Forces of Production; A Social History of Industrial Automation
Summary
This is not a book about American technology but about American society. The focus here is upon things but the real concern is with people, with the social relations which bind and divide them, with the shared dreams and delusions which inspire and blind them. For this is the substrate from which all of our technology emerges, the power and promise which give it shape and meaning. For some reason, this seemingly self-evident truth has been lost to modem Americans, who have come to believe instead that their technology shapes them rather than the other way around. Our culture objectifies technology and sets it apart and above human affairs. Here technology has come to be viewed as an autonomous process, having a life of its own which proceeds automatically, and almost naturally, along a singular path. Supposedly self-defining and independent of social power and purpose, technology appears to be an external force impinging upon society, as it were, from outside, determining events to which people must forever adjust.

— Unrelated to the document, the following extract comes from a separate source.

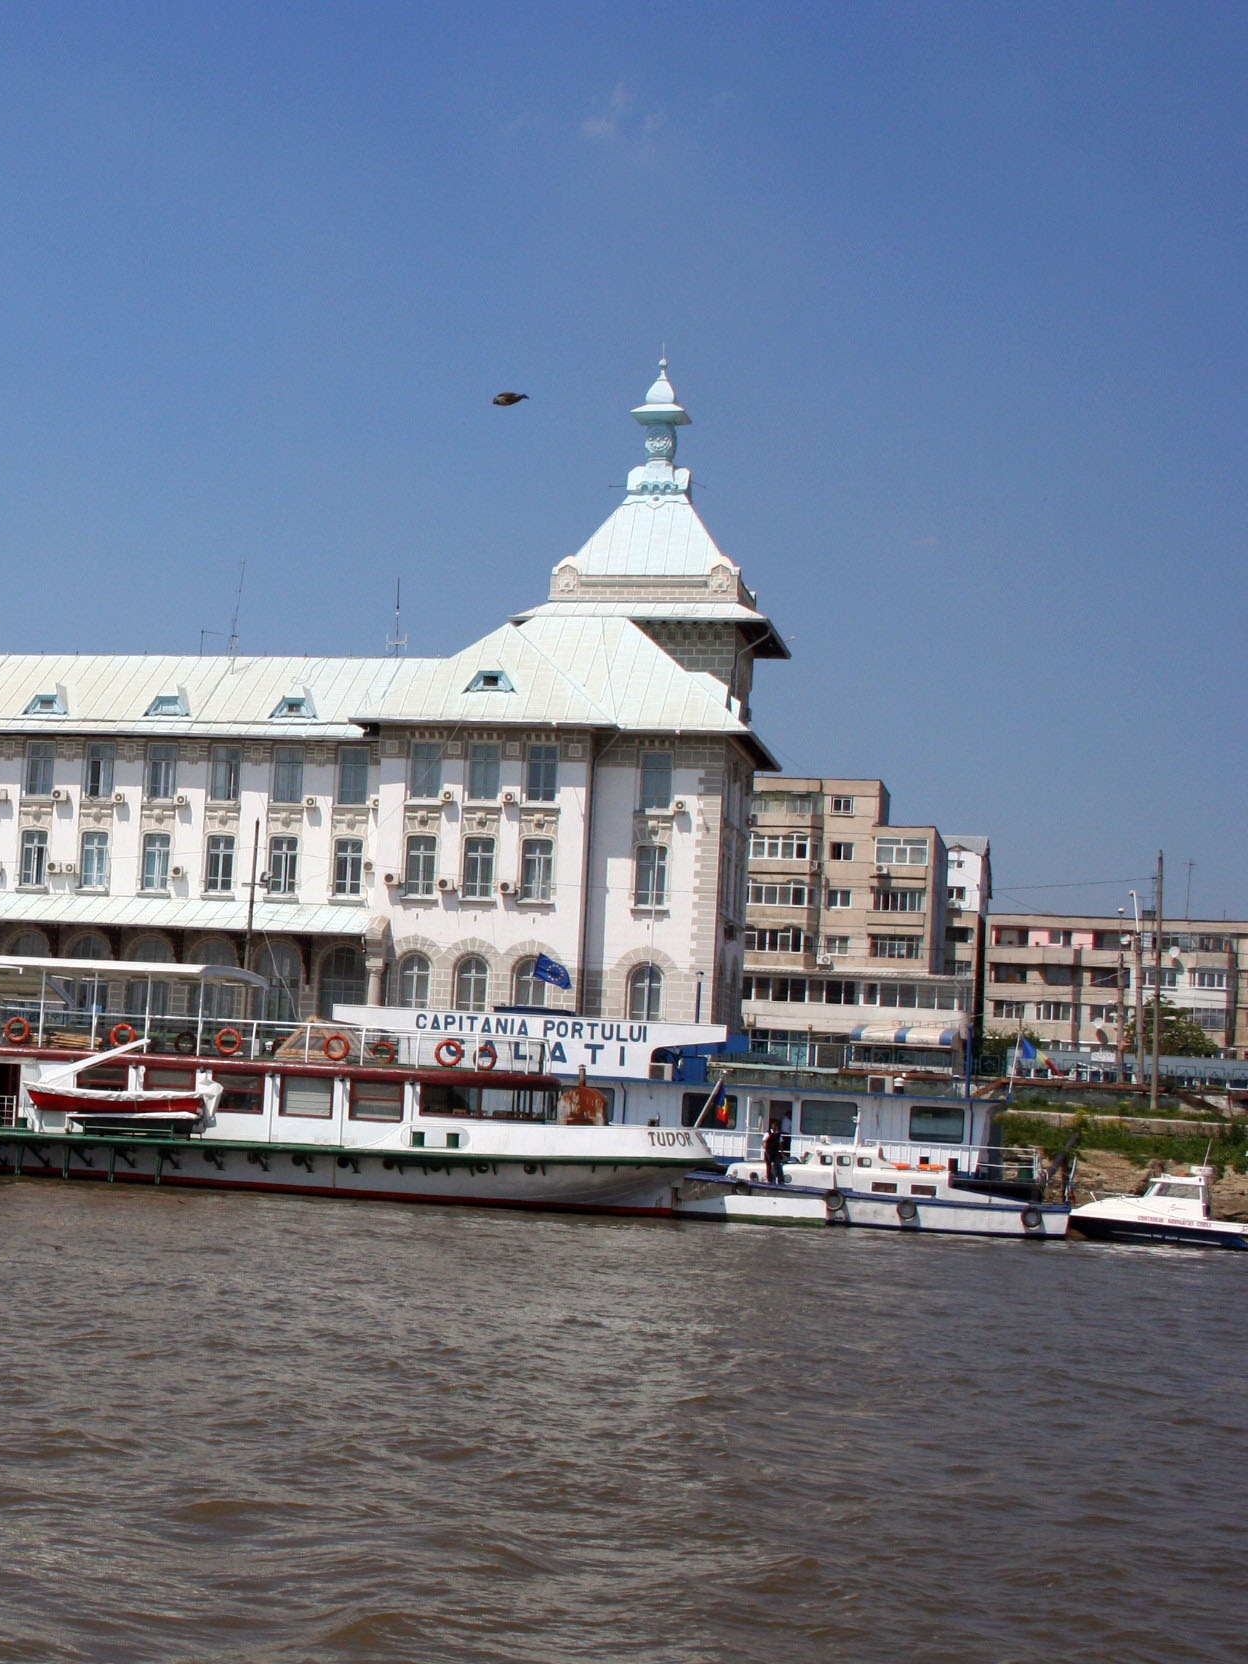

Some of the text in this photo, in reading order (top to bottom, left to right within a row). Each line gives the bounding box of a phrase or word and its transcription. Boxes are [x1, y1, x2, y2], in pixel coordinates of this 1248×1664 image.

[415, 1013, 648, 1043] CAPITANIA PORTULUI
[648, 1131, 694, 1147] TUDOR

In a society such as ours, which long ago abandoned social purpose to the automatic mechanism of the market, and attributed to things a supremacy over people (“things are in the saddle, and ride mankind,” wrote Emerson), technology has readily assumed its fantastic appearance as the subject of the story. And, as such, it has served at once as convenient scapegoat and universal panacea-a deterministic device of our own making with which to disarm critics, divert attention, depoliticize debate, and dismiss discussion of the fundamental antagonisms and inequities that continue to haunt America.